Bush has decided on the funding for levees….

Federal recovery Donald Powell said President Bush would ask Congress for another $2.5 billion to improve levees in Orleans, Jefferson, St. Bernard and St. Charles which protect 98 percent of the local population.

But Plaquemines is considered outside the levee system for the moment. Powell said it is likely that all damaged homes will likely need to be raised 1-3 feet there. But flood insurance is still problematic, and the federal government has not decided whether to allocate $1.5 billion that the Army Corps of Engineers needs to certify the Plaquemines levees as being able to withstand a 100-year-storm.

Originally the estimate for additional funding of the NOLA levees was $3 billion. I don’t know if the $2.5 billion figure now represents a change in the Army Corps estimate or Bush not recommending all the funds. Without knowing that it’s difficult to judge but this appears to be good news for NOLA Not so for Plaquemines Parish. The NOLA levee funding must get through Congress though. Send your Beads to Congress.

And the FEMA maps were FINALLY released.

Much-anticipated advisory flood maps that are expected to guide the recovery from Katrina were released this morning for all local parishes except Plaquemines. The advisories, which do not have the force of law, but are expected to play a key role in the formula for dispersing buyout and repair money by the Louisiana Recovery Authority.

In general, the advisories will require homes inside the levee system to be built three feet above the local grade, or at the current required elevation, whichever is higher. The ruling effects new construction and renovation paid for by flood insurance or federal aid when a home suffered more than 50 percent damage.

The advisories will require a dramatic change in the city’s landscape, particularly in Gentilly, parts of Lakeview and New Orleans East, where tens of thousands of homes are slab on grade and were built below current flood elevations.

UPDATE:WaPo reports the lower figure for levee funding is a result of “cutting projects that were deemed redundant.”

WaPo also reports a potential problem for Louisiana..

Left open by the announcement is just how much Louisianans must contribute to the $2.5 billion spending proposal, and some state leaders reacted angrily to the possibility that their financially strapped home will have to pitch in as much as $900 million to the project.

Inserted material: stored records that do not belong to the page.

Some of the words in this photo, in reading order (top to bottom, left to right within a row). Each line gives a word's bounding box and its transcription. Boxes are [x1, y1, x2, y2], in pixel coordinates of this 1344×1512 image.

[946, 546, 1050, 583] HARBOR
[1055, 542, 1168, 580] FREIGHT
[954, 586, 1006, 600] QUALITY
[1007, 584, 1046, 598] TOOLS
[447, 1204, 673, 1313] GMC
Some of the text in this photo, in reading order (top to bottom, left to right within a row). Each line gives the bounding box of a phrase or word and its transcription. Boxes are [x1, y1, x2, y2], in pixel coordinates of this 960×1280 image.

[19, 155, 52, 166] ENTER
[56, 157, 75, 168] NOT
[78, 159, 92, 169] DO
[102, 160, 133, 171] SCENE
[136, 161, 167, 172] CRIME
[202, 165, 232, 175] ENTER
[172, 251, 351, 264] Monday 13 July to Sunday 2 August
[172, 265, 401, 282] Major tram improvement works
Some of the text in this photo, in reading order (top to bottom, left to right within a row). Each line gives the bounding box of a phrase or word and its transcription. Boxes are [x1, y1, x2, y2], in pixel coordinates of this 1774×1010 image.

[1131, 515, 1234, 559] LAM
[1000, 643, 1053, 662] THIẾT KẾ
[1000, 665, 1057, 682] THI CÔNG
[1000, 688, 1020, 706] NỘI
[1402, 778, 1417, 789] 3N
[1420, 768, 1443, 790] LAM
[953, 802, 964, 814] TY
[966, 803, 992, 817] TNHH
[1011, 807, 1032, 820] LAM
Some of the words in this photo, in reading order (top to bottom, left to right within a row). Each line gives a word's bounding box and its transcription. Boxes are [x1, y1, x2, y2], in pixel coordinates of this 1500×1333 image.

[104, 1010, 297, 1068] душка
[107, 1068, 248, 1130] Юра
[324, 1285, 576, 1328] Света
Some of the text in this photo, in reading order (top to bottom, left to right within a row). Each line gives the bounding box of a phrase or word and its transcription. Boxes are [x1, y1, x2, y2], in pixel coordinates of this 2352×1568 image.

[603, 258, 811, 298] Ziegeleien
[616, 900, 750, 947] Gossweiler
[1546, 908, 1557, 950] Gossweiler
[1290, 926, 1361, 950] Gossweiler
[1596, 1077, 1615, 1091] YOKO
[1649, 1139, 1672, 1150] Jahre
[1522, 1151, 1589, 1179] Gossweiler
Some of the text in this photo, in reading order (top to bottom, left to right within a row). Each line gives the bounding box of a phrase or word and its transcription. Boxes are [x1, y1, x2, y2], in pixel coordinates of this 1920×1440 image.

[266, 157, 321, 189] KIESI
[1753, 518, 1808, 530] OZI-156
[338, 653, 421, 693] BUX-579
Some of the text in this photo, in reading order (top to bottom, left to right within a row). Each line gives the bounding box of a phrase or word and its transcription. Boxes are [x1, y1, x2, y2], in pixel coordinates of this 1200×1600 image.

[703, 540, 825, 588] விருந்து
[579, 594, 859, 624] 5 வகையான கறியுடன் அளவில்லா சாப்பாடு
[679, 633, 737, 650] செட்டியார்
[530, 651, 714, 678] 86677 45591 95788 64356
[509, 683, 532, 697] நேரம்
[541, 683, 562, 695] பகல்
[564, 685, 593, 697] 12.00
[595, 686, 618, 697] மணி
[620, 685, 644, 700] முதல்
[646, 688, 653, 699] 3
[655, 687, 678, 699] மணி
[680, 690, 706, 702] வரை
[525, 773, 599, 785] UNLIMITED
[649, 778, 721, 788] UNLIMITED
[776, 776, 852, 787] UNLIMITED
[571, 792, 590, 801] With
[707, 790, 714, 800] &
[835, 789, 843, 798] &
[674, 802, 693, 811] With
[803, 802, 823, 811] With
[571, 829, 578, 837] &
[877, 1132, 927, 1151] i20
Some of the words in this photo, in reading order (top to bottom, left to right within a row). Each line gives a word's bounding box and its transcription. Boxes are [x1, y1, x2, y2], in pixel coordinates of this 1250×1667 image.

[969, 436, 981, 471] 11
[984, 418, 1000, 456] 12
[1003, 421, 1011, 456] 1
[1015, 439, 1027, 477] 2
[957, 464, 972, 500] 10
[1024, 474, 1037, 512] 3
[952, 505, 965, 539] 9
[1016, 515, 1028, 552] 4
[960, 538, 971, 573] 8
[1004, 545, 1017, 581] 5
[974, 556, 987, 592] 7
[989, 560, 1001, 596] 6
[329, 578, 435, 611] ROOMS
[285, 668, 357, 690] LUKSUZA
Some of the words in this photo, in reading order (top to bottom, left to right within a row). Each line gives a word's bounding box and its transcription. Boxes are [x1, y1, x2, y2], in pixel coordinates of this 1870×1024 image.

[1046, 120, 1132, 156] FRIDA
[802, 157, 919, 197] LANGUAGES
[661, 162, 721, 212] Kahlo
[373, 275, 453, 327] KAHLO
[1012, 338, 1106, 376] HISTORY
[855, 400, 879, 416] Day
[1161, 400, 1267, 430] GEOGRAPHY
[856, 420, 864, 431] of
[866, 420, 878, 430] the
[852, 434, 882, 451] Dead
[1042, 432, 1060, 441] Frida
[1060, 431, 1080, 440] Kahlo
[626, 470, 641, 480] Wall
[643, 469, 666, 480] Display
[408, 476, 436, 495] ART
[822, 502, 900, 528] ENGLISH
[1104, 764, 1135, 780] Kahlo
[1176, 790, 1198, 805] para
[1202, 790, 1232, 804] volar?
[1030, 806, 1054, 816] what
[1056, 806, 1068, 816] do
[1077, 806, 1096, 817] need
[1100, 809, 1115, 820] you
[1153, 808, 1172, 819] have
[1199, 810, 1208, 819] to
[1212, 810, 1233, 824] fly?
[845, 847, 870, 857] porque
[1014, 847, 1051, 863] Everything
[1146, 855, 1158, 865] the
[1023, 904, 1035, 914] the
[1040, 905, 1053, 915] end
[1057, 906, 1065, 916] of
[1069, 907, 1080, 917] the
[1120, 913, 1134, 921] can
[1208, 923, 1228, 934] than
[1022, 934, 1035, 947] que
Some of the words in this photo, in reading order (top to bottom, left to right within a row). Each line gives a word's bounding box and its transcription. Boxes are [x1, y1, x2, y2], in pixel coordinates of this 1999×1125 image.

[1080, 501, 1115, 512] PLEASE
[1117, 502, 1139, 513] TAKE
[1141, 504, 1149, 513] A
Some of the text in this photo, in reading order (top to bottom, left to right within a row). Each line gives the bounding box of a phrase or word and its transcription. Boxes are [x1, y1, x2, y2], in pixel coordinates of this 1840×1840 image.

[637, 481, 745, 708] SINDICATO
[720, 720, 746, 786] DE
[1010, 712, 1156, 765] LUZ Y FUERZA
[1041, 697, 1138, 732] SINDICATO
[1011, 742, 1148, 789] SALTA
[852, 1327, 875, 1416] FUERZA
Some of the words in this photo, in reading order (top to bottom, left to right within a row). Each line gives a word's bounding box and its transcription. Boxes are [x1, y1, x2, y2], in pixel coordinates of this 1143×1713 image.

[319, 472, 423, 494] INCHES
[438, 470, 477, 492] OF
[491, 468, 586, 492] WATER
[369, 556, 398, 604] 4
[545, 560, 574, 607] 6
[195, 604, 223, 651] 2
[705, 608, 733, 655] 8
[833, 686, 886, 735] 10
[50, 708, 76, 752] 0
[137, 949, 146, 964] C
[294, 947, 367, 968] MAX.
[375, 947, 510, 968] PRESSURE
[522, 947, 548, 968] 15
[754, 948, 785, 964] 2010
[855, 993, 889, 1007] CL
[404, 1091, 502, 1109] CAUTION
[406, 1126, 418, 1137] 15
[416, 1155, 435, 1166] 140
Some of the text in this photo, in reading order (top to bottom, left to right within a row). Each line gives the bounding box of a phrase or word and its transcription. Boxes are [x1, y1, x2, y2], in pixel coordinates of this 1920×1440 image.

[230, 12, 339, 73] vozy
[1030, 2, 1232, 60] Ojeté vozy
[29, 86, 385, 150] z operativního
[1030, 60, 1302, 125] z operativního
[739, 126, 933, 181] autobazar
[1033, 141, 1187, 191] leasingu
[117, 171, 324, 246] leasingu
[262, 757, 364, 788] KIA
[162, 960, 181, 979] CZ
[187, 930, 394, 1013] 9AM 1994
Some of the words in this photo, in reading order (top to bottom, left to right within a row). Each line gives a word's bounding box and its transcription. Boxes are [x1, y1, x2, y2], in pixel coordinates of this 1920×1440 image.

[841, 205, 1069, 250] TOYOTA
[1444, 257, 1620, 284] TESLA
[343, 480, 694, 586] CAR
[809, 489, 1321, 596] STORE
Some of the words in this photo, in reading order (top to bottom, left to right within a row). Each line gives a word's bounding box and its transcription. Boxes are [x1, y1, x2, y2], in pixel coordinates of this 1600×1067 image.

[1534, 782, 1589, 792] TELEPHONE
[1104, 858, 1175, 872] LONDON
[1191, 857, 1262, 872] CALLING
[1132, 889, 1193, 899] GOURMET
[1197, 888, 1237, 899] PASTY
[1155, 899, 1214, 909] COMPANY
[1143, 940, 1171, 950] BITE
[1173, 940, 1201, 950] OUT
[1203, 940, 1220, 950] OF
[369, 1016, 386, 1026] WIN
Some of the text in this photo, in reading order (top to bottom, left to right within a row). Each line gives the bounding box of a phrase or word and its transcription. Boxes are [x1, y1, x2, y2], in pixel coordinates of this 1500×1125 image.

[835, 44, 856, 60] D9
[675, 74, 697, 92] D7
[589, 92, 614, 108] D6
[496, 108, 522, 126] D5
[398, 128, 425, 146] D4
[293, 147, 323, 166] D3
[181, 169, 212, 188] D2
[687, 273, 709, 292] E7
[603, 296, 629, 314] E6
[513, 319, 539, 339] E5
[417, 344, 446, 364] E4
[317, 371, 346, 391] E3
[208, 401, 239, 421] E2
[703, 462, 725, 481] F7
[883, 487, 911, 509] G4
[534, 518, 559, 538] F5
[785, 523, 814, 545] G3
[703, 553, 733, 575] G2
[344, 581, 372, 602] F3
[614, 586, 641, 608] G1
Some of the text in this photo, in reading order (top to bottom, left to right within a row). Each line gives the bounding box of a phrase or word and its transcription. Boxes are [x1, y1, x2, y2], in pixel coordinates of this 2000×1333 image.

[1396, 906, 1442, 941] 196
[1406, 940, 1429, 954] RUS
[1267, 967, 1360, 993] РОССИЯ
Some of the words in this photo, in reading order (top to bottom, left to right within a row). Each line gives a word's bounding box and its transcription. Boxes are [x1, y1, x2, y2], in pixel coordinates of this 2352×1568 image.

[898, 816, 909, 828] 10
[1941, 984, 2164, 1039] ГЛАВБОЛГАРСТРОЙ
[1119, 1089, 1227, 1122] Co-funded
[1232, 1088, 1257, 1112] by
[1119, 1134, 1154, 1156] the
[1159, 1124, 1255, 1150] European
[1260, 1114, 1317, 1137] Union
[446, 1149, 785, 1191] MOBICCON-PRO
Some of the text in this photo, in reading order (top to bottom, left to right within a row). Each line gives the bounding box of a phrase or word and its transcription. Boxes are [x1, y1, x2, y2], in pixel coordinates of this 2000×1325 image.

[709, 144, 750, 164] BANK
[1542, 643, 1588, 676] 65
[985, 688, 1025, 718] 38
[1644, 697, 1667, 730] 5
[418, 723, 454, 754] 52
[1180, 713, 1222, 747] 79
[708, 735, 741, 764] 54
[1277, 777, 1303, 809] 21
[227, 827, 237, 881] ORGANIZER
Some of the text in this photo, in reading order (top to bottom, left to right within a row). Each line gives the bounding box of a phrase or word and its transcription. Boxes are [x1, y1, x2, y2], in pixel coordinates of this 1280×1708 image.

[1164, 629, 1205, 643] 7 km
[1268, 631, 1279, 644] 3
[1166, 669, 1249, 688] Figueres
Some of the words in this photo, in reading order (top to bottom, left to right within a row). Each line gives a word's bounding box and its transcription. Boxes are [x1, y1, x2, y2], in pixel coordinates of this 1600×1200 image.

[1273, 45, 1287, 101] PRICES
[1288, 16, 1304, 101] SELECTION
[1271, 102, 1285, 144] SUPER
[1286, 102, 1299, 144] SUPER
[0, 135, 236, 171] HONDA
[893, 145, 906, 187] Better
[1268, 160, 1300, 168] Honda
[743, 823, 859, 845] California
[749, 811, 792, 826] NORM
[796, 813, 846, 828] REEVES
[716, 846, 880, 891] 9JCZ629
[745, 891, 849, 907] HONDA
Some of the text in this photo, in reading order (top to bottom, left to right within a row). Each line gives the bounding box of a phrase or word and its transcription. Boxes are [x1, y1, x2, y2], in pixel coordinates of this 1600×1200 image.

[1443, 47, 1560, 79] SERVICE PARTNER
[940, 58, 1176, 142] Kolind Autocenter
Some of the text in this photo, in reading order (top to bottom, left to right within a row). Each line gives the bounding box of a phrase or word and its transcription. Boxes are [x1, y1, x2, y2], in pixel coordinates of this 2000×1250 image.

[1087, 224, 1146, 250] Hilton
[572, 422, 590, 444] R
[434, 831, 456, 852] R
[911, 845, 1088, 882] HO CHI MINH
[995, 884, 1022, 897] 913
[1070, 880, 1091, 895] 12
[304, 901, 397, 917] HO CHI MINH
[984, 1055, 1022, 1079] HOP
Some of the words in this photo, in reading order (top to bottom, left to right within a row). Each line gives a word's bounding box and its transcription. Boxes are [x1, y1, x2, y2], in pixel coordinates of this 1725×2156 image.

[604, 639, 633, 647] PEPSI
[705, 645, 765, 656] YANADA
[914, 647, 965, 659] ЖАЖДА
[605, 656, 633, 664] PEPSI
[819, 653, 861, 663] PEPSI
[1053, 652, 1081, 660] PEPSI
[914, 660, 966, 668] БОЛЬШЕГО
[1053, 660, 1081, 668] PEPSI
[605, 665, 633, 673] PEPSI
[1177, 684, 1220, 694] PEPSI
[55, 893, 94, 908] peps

Sen. Mary Landrieu (D-La.) mocked the request for state funding toward the additional $2.5 billion and said the administration should say when it will ask for the money. “It’s like the man who throws you a 30-foot rope when you’re drowning 50 feet from shore and says he’s gone more than halfway,” said Landrieu, who has vowed to block Senate action on Bush nominations to non-defense and judicial posts until the issue is resolved. “A noble gesture, perhaps, but it doesn’t get the job done.”

When I said earlier the levee funding news appears to be good news for NOLA it would have been better to say they avoided the worst possible news. The levees being rebuilt will still only protect the city from certain Category 3 hurricanes at best.